The Church Fathers and patristic representations of post-death existence
I have chosen to deal with Athenagoras and Tertullian, both because I am familiar with their work and because they represent, as two of the earliest Church Fathers to have written whole treatises on the subject of the resurrection of the body, the fruits of second-century thinking on the subject. The second century was, of course, a period when this topic came particularly to the fore in presentations of early Christian doctrine, with contributions also from Justin Martyr, Tatian, Irenaeus and ps-Justin. I will also look, where appropriate, as indicated above, at the reflections of both the second century’s Irenaeus of Lyons from the fifth book of his Adversus Haereses and ps-Justin in his De Resurrectione. Irenaeus deals with only some of the issues addressed in this book, and his thinking is shaped primarily, and thereby limited somewhat, by the context of his struggles with the heretics, for the most part Valentinians and Basilidians, of his day. Ps-Justin, whoever he was, is by almost universal agreement from the later second century – his writings certainly reflects the language and the issues of that era – but whether the actual author is Athenagoras3 or Hippolytus of Rome4 is debatable. Athenagorean authorship is possible but unlikely, while an Hippolytan one, for which Whealey makes a very plausible case, is the more likely but by no means certain. Its late second- or even early third-century provenance is, however, almost certain, and its belongs thereby in our study.5 I chose Origen simply because he exercised a major influence on the direction on thinking on the matter of the resurrection, as on so many others, as the foremost Christian theologian of the pre-Nicene period. I have chosen the Letter to Rheginos because it is a second-century writing dealing exclusively with the matter of the resurrection and because, as one sitting part way along the continuum between orthodox and heterodox during the second and third centuries, it provides an interesting comparison with the other more orthodox writings.

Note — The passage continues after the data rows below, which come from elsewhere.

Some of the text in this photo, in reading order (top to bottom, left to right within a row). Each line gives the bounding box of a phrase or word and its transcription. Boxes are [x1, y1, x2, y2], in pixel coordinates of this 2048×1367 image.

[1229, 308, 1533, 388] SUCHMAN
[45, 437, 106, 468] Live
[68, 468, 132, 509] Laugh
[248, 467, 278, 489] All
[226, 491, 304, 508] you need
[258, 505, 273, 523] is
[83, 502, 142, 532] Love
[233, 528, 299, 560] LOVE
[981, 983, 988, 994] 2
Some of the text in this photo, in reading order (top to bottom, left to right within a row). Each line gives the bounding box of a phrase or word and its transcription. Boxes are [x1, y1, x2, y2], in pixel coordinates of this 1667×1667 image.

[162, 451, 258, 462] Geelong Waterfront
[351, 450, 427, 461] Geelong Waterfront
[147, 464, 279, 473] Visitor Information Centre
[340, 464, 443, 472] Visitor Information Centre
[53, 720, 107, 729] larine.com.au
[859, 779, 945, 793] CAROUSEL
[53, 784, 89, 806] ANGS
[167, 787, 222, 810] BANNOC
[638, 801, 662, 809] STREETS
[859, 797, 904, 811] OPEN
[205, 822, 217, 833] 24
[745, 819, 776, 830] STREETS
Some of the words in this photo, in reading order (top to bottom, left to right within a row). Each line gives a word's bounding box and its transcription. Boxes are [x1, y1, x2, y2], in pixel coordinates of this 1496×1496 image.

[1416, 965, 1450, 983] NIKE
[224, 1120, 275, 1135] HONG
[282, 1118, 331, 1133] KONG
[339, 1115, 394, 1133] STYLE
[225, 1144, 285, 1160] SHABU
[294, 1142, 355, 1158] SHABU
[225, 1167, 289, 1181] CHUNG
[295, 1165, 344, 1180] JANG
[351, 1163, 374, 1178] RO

I have limited myself to the pre-Nicene period for two reasons. First, this assists us in understanding, along with a consideration of the biblical witness, the direction of very early Christian thinking on the subject and, second, to go into the Nicene and post-Nicene periods would be to include such a large body of writings as to be unmanageable. I could also have included Methodius from the pre-Nicene period but have not done so for reasons primarily of space. As indicated above, both Athenagoras and Tertullian wrote full treatises on the question of post-death existence and resurrection. They both wrote about it in other works as well. Athenagoras did so with a brief mention of resurrection towards the very end of his Legatio and Tertullian in his Apologeticum, the de Anima and elsewhere. Origen wrote his own de Resurrectione which is now, however, largely lost, being available only in fragments. He also made significant mention on the subject in some of his biblical commentaries – like that on Matthew – and in de Principiis and in the Contra Celsum.
The approaches of Athenagoras and Tertullian to the question of post-death existence – to take them first as near contemporaries – are very different. At the very least Athenagoras, as I argued in my own book on him,6 places his arguments for the resurrection of the body in the context of a conversation within philosophical circles with very little reference to Holy Scripture. Indeed, his scriptural references, such as they are, are largely incidental. At best, scripture seems merely to confirm what, for Athenagoras, reason has already proven. Tertullian, on the other hand, situates his arguments in the context of what is, for better or worse, a scriptural commentary, with a particular focus on key biblical passages, the 15th chapter of the first letter of Paul to the Corinthians very much to the fore. This is so also for Origen and, as we shall see, for the author of the Letter to Rheginos.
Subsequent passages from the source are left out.